14. Un procedimiento de infección de un árbol para expresar un polipéptido heterólogo, comprendiendo dicho procedimiento transfectar al menos una célula de dicho árbol con un vector vírico del CTV modificado para comprender un primer casete génico que comprende una secuencia de polinucleótido que codifica un primer polipéptido heterólogo y un primer elemento controlador en dirección 5' de dicha primera secuencia heteróloga; y un segundo casete génico que comprende una secuencia de polinucleótido que codifica un segundo polipéptido heterólogo y un segundo elemento de control en dirección 5' de dicha segunda secuencia heteróloga, el vector vírico del CTV modificado de modo que al menos un casete génico esté posicionado en el locus localizado entre el gen CTV p23 y la región 3’NTR (región no traducida).

15. El vector de la reivindicación 1, en el que dicho vector vírico del CTV está modificado para comprender múltiples casetes génicos localizados en una o múltiples posiciones.

16. El vector de la reivindicación 15, en el que dicho vector vírico del CTV comprende al menos dos casetes génicos en una posición y al menos un casete génico en una localización diferente.

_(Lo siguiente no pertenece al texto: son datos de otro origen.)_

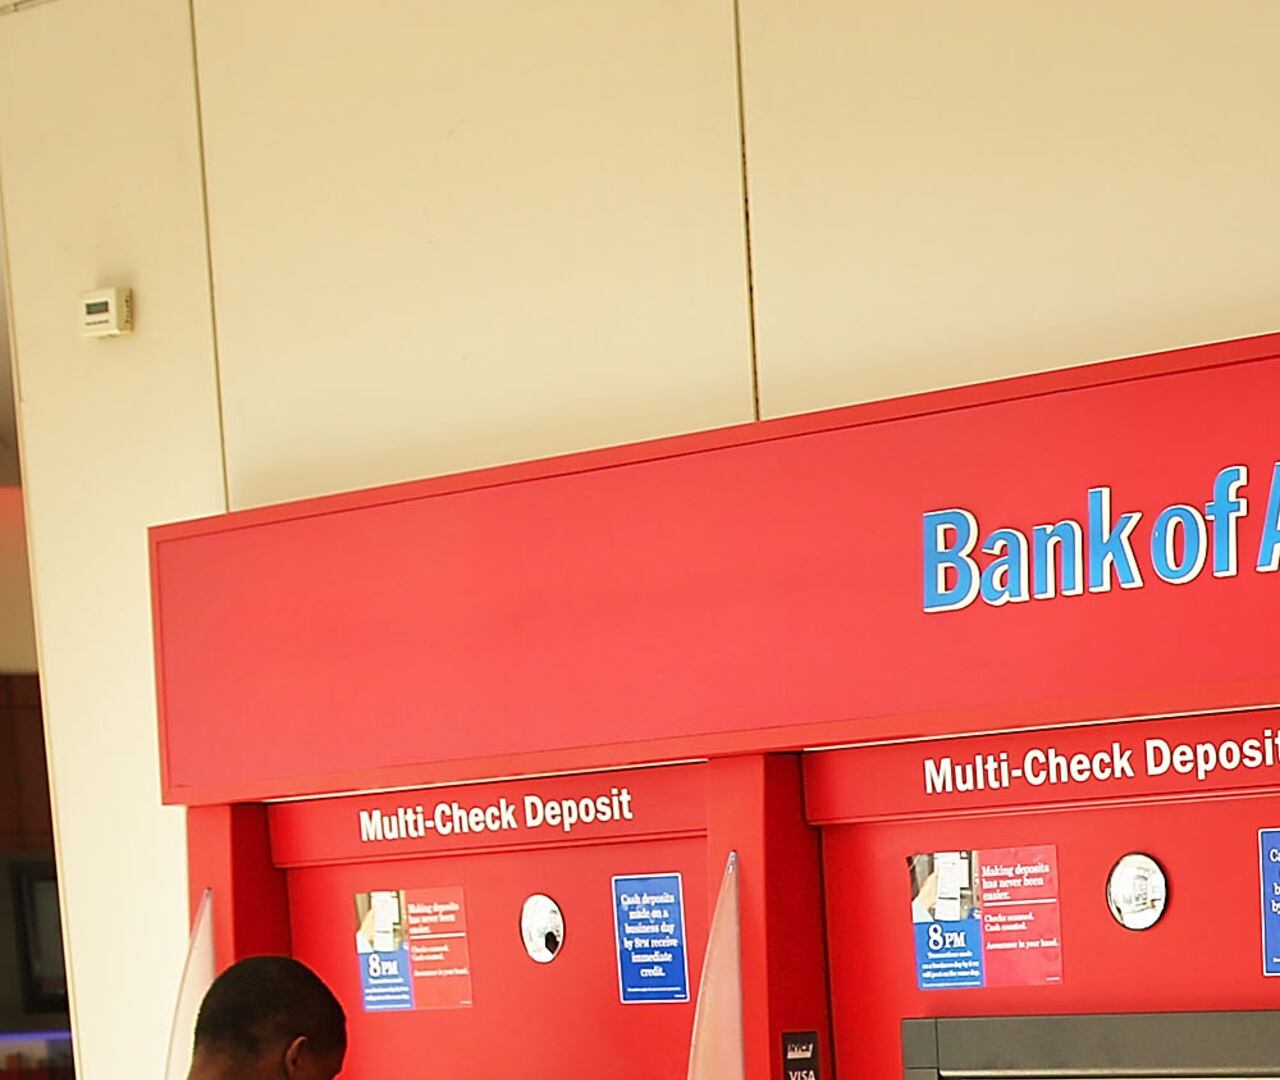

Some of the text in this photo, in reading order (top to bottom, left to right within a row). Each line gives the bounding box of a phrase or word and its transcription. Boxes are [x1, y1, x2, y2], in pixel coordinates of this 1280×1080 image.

[923, 487, 1142, 613] Bank
[1150, 465, 1247, 584] of
[923, 743, 1134, 794] Multi-Check
[360, 788, 633, 841] Multi-Check Deposit
[928, 924, 966, 950] 8 PM
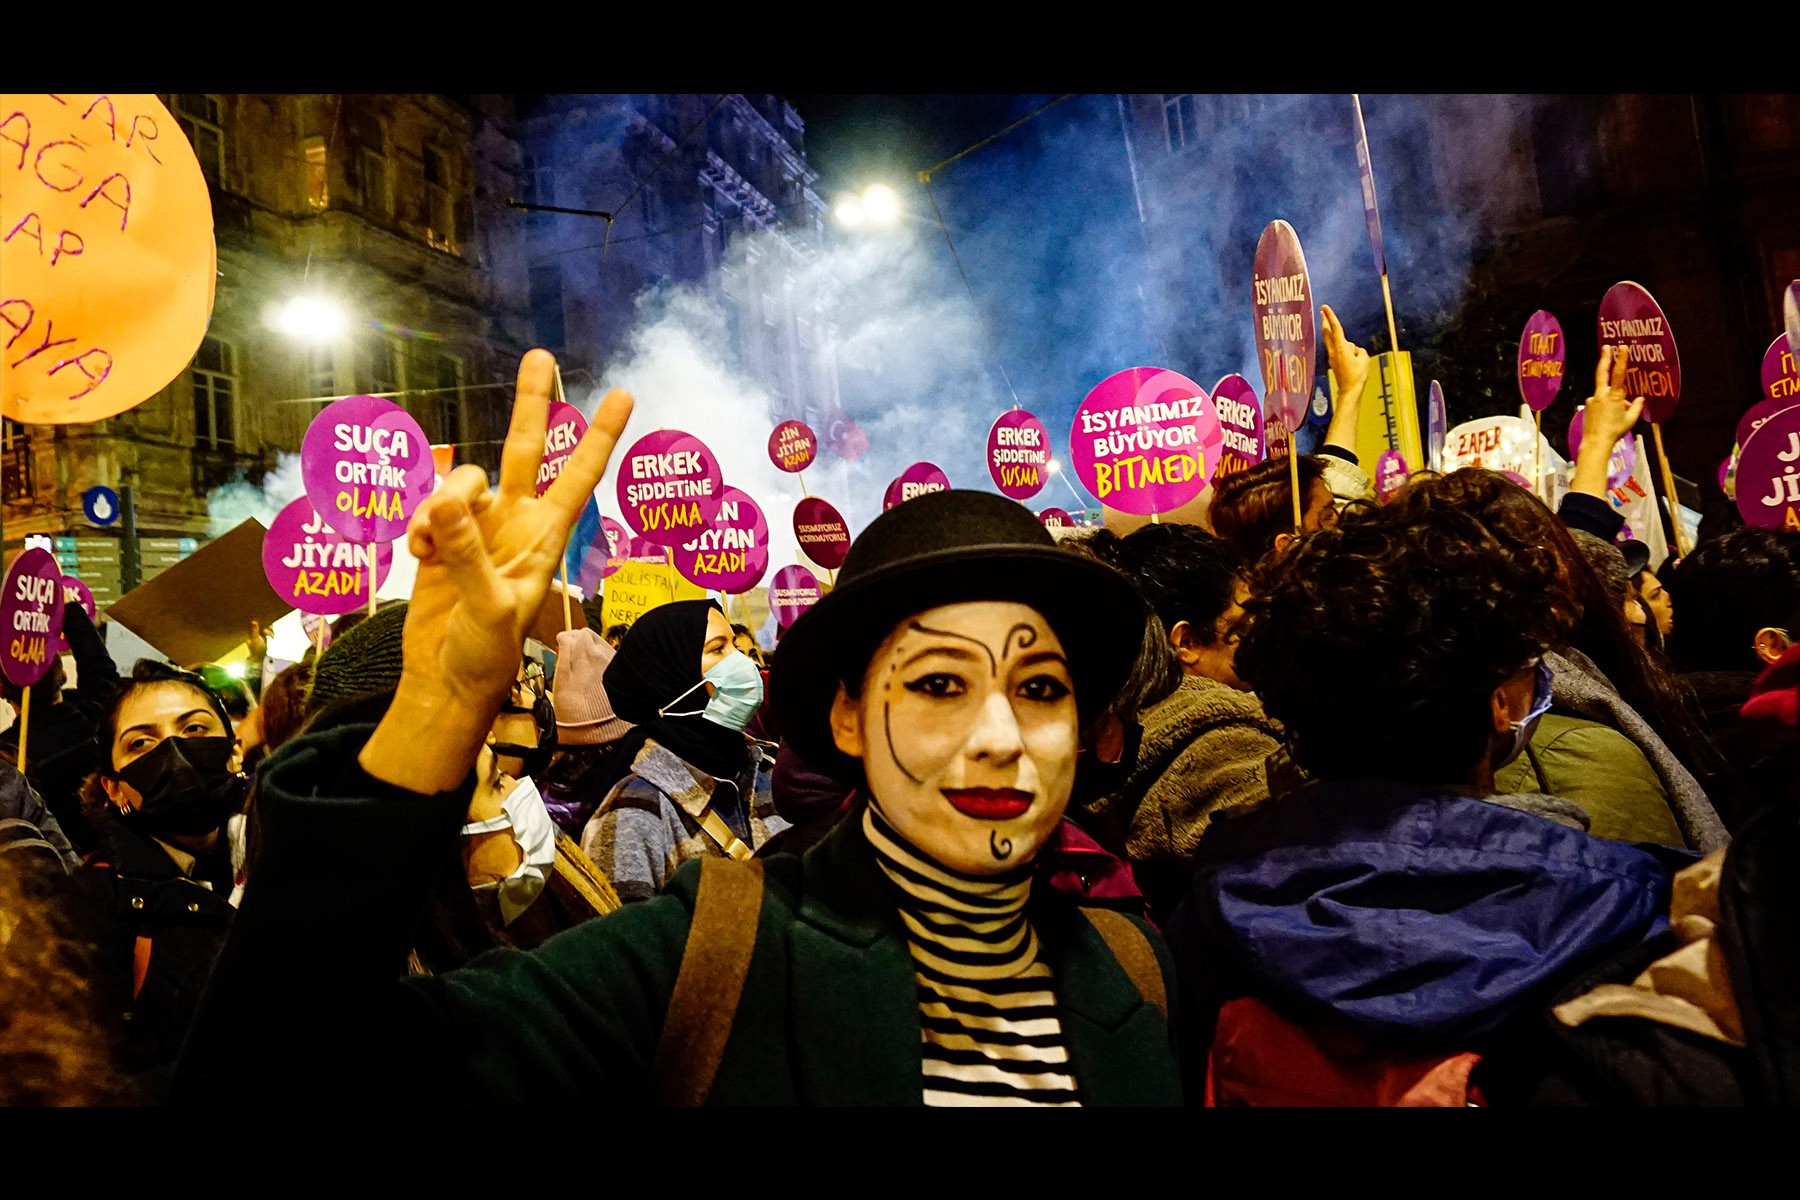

17. El procedimiento de la reivindicación 3, en el que dicho vector vírico del CTV está modificado para comprender múltiples casetes génicos localizados en una o múltiples posiciones.

18. El procedimiento de la reivindicación 17, en el que dicho vector vírico del CTV comprende al menos dos casetes génicos en una posición y al menos un casete génico en una posición diferente.

19. El vector de la reivindicación 11, que comprende además un tercer casete génico que comprende una secuencia de polinucleótido que codifica un tercer polipéptido heterólogo y un tercer elemento controlador en dirección 5' de dicha tercera secuencia heteróloga.

20. El vector de la reivindicación 19, que comprende además un cuarto casete génico que comprende una secuencia de polinucleótido que codifica un cuarto polipéptido heterólogo y un cuarto elemento controlador en dirección 5' de dicha cuarta secuencia heteróloga.

21. El vector de la reivindicación 19, en el que dicho tercer casete génico está posicionado en la misma localización o localización diferente en dicho vector del CTV con relación a dichos primer y segundo casetes génicos.

22. El vector de la reivindicación 20, en el que dichos tercer y cuarto casetes génicos están posicionados secuencialmente en la misma localización en dicho vector vírico del CTV.

23. El vector vírico del CTV de la reivindicación 20, en el que dichos tercer y cuarto casetes génicos están posicionados en dos localizaciones separadas sobre dicho vector vírico del CTV.